__WHAT YOU WILL DO__:
Starting from the line that holds "this 1288×966 image.", print every line through the end of the records, first and last included.

(DATA FOR THIS EXERCISE Opens)

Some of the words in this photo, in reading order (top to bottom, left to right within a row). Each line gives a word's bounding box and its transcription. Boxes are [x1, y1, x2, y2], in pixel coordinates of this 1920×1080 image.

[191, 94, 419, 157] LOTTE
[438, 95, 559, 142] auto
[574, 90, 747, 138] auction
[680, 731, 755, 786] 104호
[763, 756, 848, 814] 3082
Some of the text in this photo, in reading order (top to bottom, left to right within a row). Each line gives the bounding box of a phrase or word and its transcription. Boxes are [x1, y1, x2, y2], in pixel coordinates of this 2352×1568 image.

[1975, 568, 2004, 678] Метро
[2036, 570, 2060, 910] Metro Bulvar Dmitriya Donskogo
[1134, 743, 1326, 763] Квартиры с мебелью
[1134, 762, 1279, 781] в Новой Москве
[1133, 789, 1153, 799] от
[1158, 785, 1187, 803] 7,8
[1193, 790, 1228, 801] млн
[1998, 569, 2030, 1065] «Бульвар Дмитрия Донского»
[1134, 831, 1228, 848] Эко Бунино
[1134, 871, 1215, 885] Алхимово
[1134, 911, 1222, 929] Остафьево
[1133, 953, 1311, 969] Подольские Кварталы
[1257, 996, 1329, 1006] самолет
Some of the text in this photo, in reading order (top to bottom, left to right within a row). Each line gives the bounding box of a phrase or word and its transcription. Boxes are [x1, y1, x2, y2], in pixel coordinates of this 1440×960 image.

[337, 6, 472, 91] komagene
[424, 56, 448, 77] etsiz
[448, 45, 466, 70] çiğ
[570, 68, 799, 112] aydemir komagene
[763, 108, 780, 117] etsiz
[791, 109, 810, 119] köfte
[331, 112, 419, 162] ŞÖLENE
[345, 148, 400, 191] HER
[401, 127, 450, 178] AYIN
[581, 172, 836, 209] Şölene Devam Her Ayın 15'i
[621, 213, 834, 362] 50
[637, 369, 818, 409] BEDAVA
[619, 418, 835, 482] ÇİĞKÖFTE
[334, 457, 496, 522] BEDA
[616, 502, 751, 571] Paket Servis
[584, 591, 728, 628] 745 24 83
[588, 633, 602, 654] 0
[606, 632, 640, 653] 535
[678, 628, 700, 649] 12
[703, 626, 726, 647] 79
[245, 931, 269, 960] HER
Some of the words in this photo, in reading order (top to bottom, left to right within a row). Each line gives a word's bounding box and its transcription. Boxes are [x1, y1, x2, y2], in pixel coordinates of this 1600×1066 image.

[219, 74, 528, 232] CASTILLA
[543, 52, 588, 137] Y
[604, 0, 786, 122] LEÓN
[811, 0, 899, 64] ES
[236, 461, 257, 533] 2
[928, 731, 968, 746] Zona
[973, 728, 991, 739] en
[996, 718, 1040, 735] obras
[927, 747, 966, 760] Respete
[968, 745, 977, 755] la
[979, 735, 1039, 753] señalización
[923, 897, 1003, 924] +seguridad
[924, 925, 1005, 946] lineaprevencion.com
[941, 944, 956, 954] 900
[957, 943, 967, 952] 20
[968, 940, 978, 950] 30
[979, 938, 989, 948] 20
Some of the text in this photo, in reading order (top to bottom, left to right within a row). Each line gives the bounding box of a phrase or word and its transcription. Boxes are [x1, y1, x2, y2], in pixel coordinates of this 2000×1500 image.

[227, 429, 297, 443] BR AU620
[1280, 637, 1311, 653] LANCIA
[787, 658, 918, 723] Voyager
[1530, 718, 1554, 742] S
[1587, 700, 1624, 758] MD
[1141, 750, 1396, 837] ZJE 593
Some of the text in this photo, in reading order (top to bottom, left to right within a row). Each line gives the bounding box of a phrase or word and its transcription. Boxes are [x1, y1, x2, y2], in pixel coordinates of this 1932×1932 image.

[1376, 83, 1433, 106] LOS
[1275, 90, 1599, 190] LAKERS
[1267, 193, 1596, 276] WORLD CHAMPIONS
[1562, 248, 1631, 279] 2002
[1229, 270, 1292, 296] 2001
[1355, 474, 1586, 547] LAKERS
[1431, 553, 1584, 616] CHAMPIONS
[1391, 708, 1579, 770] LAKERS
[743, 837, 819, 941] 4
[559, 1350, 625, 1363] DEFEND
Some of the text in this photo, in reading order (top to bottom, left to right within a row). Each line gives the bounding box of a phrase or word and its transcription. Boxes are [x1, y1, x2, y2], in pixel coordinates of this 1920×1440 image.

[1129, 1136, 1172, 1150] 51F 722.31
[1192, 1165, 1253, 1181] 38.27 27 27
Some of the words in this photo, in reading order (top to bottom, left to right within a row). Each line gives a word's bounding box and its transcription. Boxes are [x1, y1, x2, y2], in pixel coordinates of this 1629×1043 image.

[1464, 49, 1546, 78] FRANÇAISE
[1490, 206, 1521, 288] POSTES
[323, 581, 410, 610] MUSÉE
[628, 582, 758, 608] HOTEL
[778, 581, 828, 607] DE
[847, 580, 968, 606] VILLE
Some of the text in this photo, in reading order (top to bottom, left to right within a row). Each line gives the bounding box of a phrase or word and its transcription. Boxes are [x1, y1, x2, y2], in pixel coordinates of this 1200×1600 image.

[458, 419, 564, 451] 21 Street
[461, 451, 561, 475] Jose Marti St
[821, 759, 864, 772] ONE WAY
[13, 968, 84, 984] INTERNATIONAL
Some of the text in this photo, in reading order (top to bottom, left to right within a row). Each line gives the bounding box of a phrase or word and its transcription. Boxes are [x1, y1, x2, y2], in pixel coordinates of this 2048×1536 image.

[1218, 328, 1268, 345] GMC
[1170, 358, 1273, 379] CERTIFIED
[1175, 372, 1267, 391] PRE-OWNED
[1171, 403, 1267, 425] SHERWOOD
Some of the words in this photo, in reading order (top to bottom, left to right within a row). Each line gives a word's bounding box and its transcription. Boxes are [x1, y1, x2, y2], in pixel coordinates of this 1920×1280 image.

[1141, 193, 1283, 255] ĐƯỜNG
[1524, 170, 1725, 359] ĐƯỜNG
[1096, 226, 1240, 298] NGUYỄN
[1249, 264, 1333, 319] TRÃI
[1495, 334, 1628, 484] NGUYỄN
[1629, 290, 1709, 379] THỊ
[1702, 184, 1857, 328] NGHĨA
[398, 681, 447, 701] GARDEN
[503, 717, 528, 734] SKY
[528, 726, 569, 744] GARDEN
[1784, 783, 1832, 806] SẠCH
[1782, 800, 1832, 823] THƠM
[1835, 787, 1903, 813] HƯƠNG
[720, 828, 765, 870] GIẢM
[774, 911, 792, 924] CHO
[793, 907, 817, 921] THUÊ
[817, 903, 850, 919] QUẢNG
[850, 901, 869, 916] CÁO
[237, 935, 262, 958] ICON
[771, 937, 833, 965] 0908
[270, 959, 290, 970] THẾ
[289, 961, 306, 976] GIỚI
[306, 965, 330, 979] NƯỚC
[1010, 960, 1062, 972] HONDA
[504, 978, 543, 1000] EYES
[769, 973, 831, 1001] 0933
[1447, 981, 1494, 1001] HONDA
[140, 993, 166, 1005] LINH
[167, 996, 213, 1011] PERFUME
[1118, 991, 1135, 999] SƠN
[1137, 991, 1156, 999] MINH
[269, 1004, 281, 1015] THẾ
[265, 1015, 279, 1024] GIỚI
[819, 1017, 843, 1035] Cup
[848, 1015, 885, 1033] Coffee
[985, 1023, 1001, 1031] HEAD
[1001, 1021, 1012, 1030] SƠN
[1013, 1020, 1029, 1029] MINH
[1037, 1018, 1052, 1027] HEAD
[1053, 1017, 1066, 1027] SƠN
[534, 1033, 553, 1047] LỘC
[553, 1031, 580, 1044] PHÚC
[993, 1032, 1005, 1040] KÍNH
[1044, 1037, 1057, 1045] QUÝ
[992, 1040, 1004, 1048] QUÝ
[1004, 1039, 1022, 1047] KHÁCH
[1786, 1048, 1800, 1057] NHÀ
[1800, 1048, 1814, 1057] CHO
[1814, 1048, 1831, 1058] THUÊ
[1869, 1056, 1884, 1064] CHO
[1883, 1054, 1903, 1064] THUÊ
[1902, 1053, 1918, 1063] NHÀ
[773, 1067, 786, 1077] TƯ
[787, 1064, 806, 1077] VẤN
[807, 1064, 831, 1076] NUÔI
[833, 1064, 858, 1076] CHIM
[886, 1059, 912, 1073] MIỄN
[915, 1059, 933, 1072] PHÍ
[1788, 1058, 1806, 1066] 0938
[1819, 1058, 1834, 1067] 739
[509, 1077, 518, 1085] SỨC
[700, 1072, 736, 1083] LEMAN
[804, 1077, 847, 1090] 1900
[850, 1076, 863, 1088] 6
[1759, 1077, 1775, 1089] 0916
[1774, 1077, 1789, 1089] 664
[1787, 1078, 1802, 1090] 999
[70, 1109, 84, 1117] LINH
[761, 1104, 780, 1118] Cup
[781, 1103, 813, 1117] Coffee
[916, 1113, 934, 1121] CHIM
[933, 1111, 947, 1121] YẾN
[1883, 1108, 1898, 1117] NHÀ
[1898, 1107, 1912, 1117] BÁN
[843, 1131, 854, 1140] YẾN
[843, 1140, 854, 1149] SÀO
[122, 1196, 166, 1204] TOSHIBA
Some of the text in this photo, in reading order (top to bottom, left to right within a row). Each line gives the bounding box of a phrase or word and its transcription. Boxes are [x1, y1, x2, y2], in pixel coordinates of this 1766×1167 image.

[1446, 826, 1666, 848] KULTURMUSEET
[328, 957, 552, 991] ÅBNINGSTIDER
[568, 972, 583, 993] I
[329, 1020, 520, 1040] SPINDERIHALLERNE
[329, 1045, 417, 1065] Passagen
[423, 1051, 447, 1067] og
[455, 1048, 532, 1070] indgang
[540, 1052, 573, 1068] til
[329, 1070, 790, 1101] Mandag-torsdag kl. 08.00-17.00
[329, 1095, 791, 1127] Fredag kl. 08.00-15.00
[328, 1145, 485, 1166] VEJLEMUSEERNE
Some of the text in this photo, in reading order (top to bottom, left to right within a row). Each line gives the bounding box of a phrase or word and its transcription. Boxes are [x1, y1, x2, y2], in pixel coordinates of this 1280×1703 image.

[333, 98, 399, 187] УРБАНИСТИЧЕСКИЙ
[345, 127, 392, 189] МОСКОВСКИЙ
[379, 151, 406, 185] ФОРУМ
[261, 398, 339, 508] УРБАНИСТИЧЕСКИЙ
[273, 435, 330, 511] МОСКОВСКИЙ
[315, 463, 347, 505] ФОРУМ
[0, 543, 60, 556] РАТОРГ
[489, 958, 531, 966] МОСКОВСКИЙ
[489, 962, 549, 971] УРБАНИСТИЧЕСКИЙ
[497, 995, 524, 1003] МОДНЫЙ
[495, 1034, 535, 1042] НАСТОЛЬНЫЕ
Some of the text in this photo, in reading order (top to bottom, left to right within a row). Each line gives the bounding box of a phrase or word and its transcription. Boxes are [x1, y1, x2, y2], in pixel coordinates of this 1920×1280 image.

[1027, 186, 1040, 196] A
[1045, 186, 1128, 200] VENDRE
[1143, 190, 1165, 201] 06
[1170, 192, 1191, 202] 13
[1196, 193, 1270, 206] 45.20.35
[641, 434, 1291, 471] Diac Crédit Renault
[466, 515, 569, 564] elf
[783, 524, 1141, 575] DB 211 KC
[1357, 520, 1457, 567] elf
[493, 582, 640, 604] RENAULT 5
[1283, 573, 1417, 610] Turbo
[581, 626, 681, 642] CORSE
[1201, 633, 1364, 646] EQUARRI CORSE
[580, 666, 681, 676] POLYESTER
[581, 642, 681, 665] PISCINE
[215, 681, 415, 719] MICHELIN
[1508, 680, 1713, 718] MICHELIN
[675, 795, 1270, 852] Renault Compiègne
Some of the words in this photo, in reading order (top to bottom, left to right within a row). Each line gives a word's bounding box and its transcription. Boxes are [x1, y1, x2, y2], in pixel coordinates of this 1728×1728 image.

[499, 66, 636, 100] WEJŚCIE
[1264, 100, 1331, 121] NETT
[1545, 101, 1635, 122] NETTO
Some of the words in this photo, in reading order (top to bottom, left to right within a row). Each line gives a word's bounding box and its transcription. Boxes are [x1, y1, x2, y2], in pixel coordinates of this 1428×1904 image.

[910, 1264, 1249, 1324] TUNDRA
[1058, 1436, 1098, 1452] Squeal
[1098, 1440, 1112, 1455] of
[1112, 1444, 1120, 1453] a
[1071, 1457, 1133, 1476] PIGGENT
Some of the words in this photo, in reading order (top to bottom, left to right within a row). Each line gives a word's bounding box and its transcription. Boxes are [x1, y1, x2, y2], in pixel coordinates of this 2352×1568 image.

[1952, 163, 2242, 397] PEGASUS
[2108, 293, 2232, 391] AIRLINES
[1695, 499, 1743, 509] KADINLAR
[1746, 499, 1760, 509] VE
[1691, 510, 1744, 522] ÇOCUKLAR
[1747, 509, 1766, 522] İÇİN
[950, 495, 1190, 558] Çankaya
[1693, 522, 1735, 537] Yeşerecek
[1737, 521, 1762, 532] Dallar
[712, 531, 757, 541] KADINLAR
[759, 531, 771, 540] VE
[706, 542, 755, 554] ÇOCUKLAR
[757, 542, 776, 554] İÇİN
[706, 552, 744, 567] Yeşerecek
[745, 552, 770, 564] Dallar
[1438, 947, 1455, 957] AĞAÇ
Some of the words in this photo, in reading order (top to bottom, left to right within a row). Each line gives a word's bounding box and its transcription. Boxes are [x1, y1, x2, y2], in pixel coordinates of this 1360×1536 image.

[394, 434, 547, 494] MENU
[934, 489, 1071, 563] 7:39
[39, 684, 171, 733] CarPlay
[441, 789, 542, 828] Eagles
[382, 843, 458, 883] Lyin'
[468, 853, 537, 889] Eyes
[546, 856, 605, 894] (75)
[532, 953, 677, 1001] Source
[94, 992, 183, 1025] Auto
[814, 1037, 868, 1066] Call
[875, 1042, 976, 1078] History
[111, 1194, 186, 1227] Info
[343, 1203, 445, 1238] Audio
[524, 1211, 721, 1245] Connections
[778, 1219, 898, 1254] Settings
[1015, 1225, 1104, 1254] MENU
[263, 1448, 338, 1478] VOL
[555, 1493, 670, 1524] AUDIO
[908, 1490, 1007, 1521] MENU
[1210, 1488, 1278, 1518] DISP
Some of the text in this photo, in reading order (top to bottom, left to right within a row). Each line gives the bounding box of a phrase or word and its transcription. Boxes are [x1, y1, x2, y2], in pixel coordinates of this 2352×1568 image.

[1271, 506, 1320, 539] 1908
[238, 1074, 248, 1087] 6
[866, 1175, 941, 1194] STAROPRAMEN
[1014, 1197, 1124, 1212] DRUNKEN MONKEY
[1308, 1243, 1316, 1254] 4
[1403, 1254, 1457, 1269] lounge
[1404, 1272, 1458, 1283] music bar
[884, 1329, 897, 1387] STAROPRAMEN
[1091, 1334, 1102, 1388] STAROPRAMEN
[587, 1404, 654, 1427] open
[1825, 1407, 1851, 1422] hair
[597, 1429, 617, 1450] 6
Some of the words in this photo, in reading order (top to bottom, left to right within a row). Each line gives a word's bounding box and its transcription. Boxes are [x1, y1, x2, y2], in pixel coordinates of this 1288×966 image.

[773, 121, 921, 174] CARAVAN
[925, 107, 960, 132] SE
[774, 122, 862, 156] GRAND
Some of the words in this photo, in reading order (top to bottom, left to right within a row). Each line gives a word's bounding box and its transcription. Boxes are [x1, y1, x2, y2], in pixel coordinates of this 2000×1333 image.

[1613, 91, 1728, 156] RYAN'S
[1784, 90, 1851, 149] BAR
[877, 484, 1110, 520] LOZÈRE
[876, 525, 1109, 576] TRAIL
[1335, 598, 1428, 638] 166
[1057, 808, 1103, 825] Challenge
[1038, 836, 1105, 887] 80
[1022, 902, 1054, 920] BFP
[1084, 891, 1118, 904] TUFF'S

(DATA FOR THIS EXERCISE Closes)

__SOLUTION FOR THIS EXERCISE__:
Some of the words in this photo, in reading order (top to bottom, left to right within a row). Each line gives a word's bounding box and its transcription. Boxes are [x1, y1, x2, y2], in pixel coordinates of this 1288×966 image.

[773, 121, 921, 174] CARAVAN
[925, 107, 960, 132] SE
[774, 122, 862, 156] GRAND
Some of the words in this photo, in reading order (top to bottom, left to right within a row). Each line gives a word's bounding box and its transcription. Boxes are [x1, y1, x2, y2], in pixel coordinates of this 2000×1333 image.

[1613, 91, 1728, 156] RYAN'S
[1784, 90, 1851, 149] BAR
[877, 484, 1110, 520] LOZÈRE
[876, 525, 1109, 576] TRAIL
[1335, 598, 1428, 638] 166
[1057, 808, 1103, 825] Challenge
[1038, 836, 1105, 887] 80
[1022, 902, 1054, 920] BFP
[1084, 891, 1118, 904] TUFF'S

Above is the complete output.